1. Things are consistent for every single member of the population, let’s call these the ‘natural tendency’ of a population. For example, every apple tree wants to grow 1,000 apples. You can think of this as the hardwired, “nature” part of determining how something with turn out.
2. Things are consistently *random* for every single member of a population. This is the noise, for example, some trees get visited by more bees, or some trees got a little extra fertilizer, or a little more sun, This makes some trees produce fewer, and others more apples. You can think of this as the experiential “nuture” part of determining how something will turn out.
3. Things are NOT random NOR consistent for every member of a population, for example, 1/3 of the trees producing 20,000 apples for some reason, and 1/10th of the trees producing 0 apples.
The third example is shows us there is a problem with our data. It tells us our data comes from 3 entirely different groups, the 1/10th are probably just not apple trees in the first place. The 1/3 super-producers and the remaining trees might just be different species. Either way with the information given, you *won’t* get a bell curve because your data is garbage. Best thing to do is throw away the 0 apple trees entirely and separate the super-producers and remaining trees into two groups.
Look at those two groups and should get nice bell curves. Why? What “law” of existence means a bell curve “must” happen?
I’d argue you have it backwards, it’s not that the universe demands bell curves but rather that the universe demands IF something has a ‘natural tendency’ (somethings don’t) and IF that natural tendency is exposed to noise that causes it vary a bit (somethings don’t) THEN the result is a bell curve. Specifically it’s the natural tendency that creates the peak, called the AVERAGE or MEDIAN, and its the noise that creates the tails on the curve.
That’s why bell curves are so important, because in science and physics and in daily life we’re almost always talking about systems that work like this. Test scores, heights, weights, apples growing on a tree, whatever.

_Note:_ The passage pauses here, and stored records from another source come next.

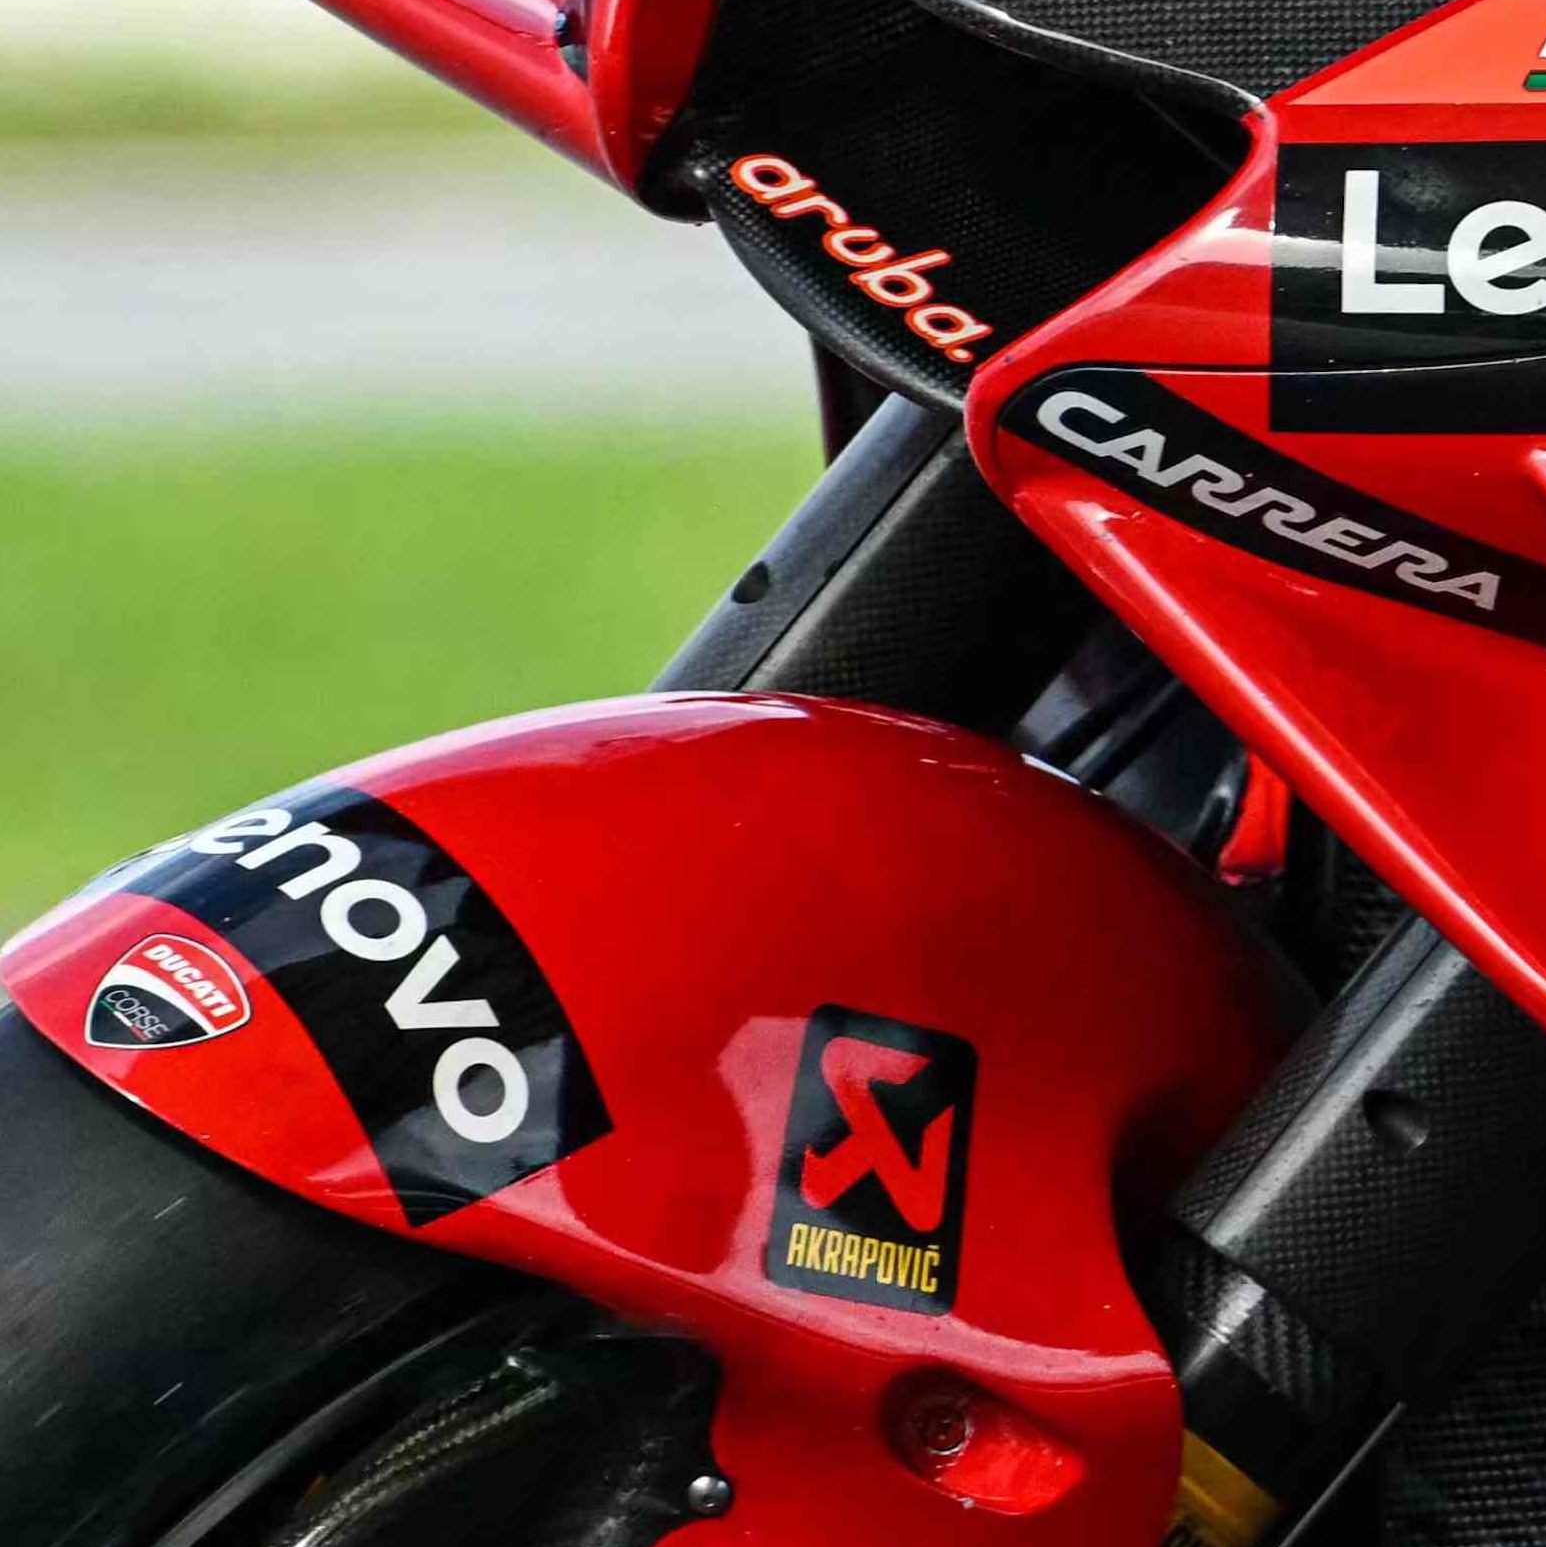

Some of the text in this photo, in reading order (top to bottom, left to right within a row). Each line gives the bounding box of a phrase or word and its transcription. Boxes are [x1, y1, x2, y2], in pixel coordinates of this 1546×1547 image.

[1036, 388, 1504, 613] CARRERA
[104, 989, 171, 1040] CORSE
[141, 944, 238, 1018] DUCATI
[786, 1222, 943, 1295] AKRAPOVIČ
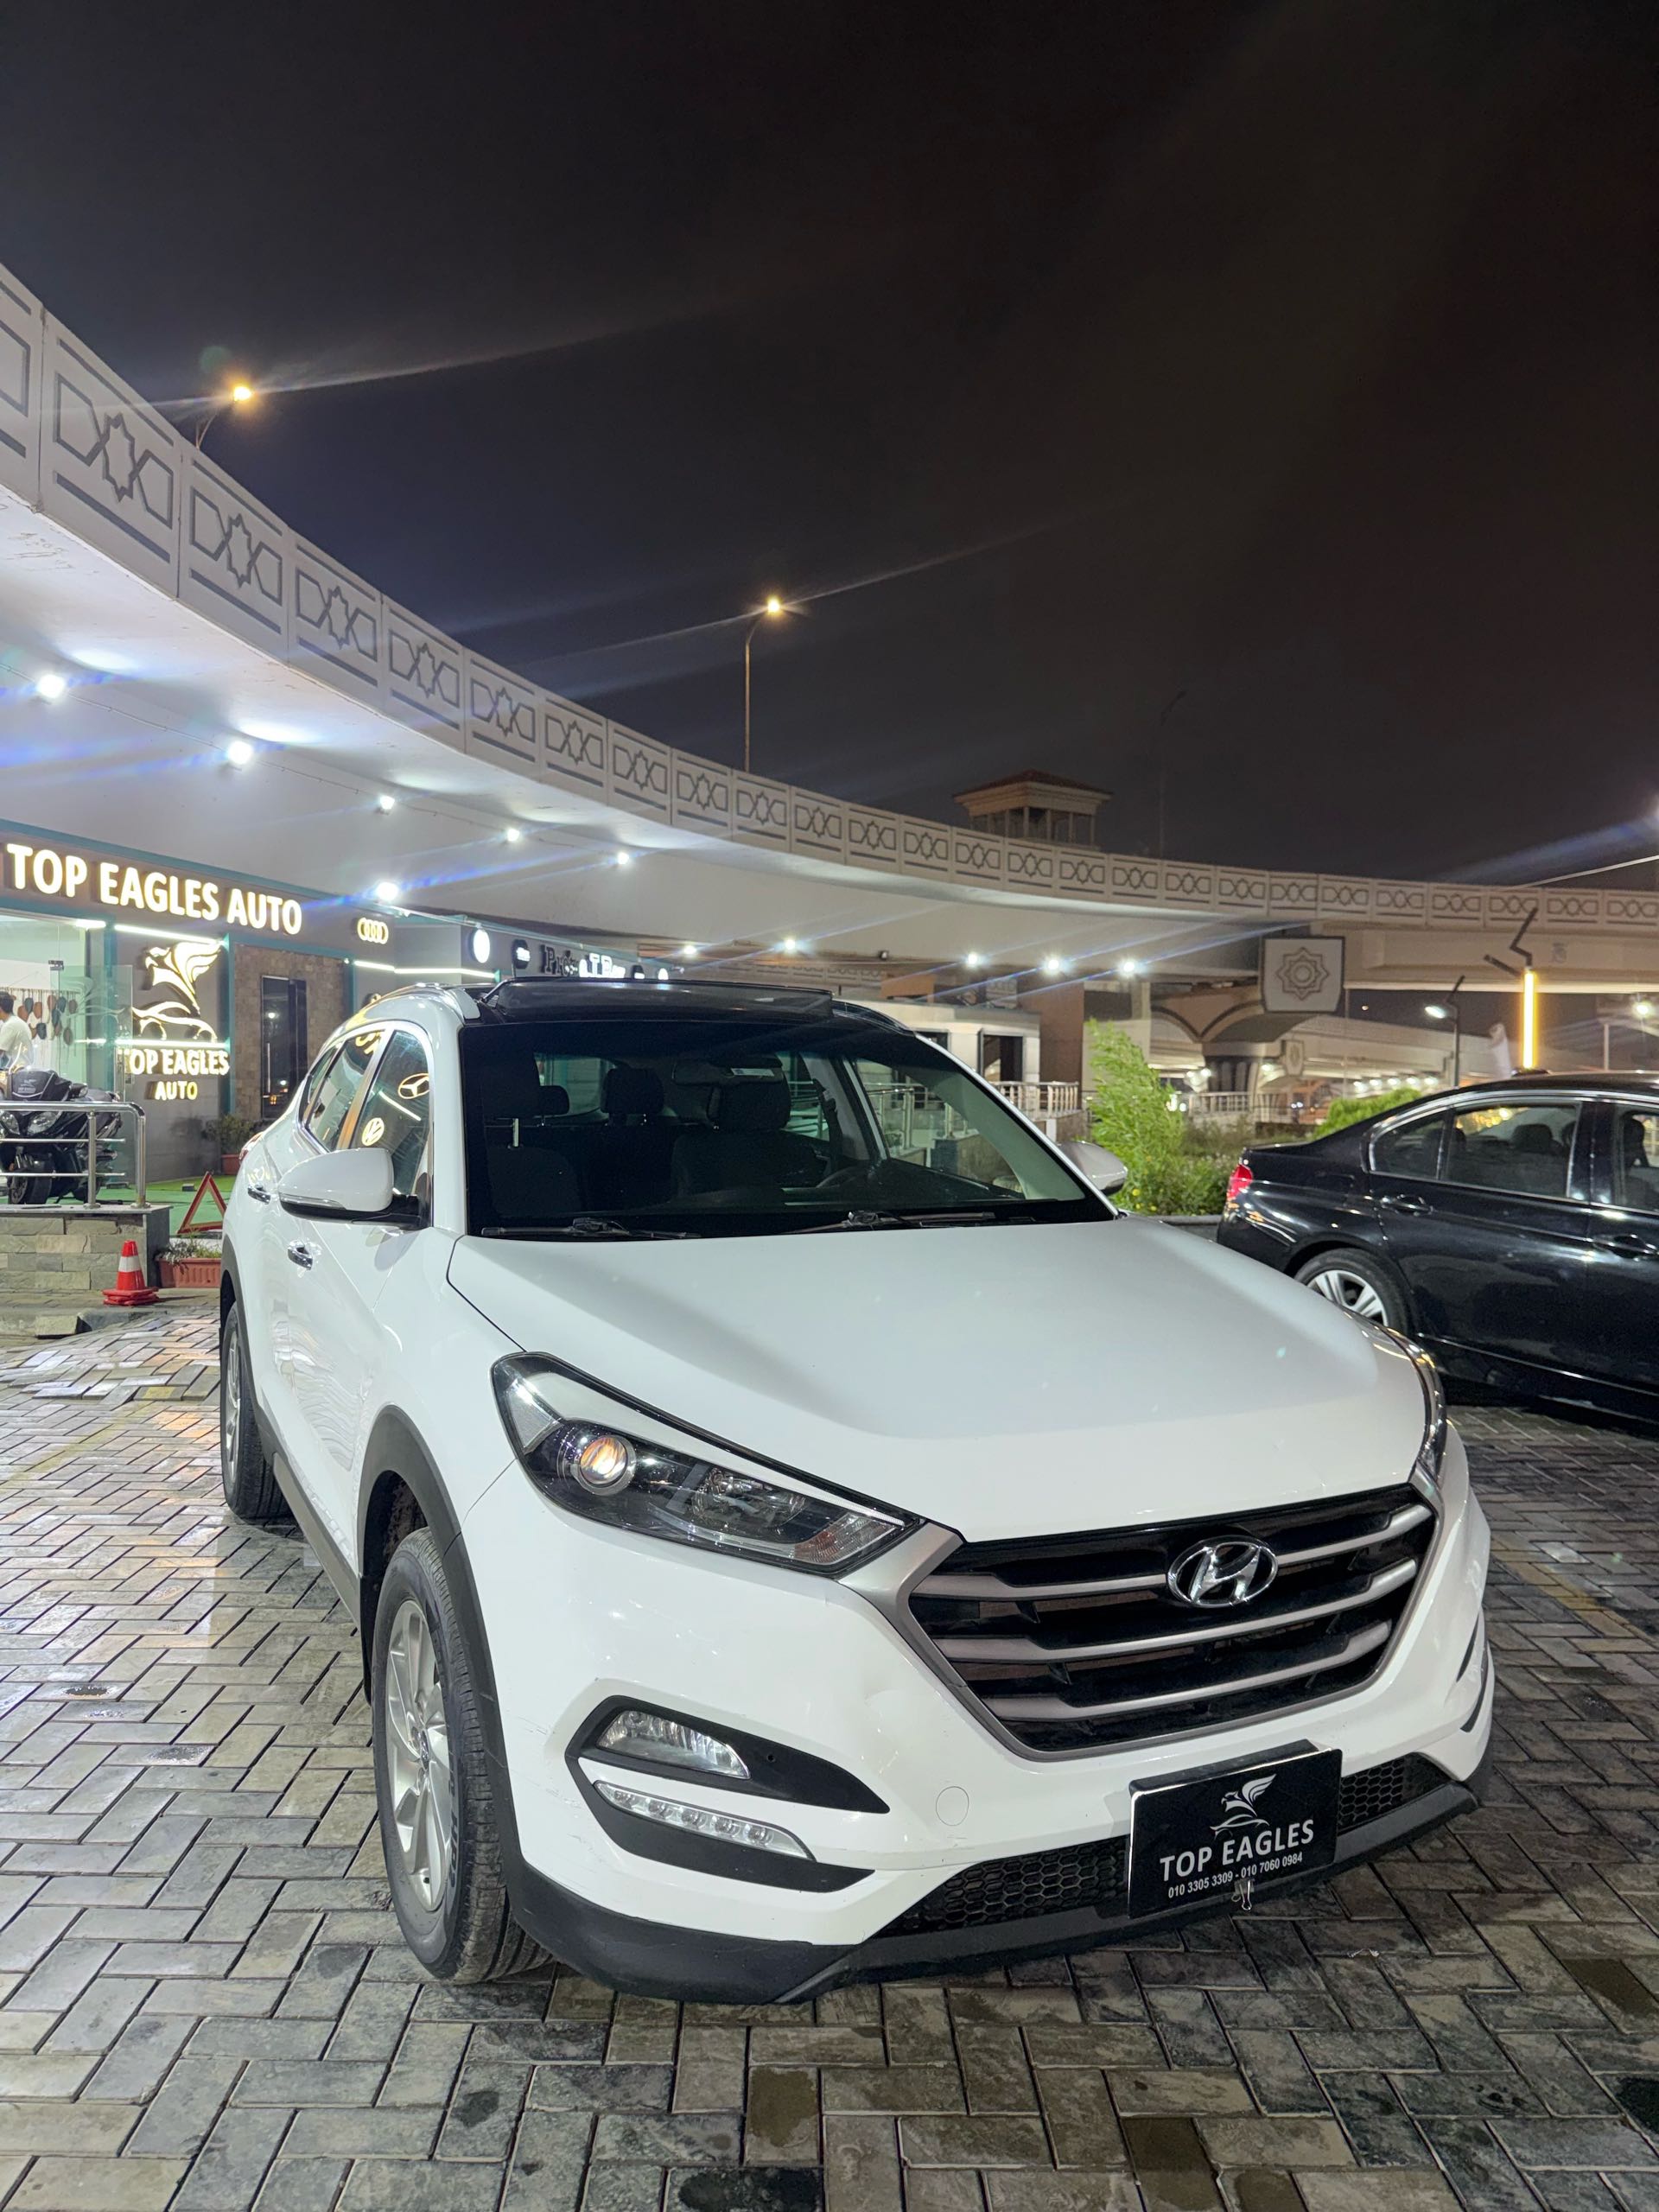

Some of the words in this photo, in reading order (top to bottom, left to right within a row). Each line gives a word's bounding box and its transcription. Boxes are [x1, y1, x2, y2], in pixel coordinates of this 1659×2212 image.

[6, 843, 87, 898] TOP
[99, 862, 219, 921] EAGLES
[226, 888, 302, 935] AUTO
[117, 1048, 159, 1075] TOP
[160, 1048, 231, 1076] EAGLES
[155, 1080, 198, 1101] AUTO
[1160, 1847, 1212, 1881] TOP
[1222, 1819, 1314, 1866] EAGLES
[1168, 1884, 1185, 1898] 010
[1187, 1878, 1210, 1893] 3305
[1211, 1872, 1233, 1886] 3309
[1241, 1864, 1256, 1878] 010
[1259, 1858, 1280, 1872] 7060
[1282, 1852, 1302, 1866] 0984

These are things that can be described as having a ‘natural tendency’ and then being subject to noise that combine to create a bell curve.
Not necessarily.
Bell curves ( normal distributions) arise when a group has a single average value, and additive fluctuations around that.
If the fluctuations are multiplicative (for example, % changes or probability changes, and factors influencing growth) then a log normal distribution will occur (looks similar to bell curve, but skewed towards lower values). Human weight is an example of this.
Sometimes these can be hard to distinguish from a normal distribution though, if the skew is small.
Some traits, like those whose likelihood changes over time at a fixed rate, will give an exponential distribution. For example, age of death in an ideal population (although bc of factors like birth rate, war, and health care accessibility, in reality it may not follow an exponential distribution).
Some traits depend on multiple underlying groups, which can create a bimodal (or several average value) distribution. This will have multiple peaks. For example, if you scored people based on their ability to distinguish colors, you would see 2 peaks: a higher peak for normal color vision and a lower peak for colorblind people. If you isolate one peak, it will tend to have a normal or log normal distribution.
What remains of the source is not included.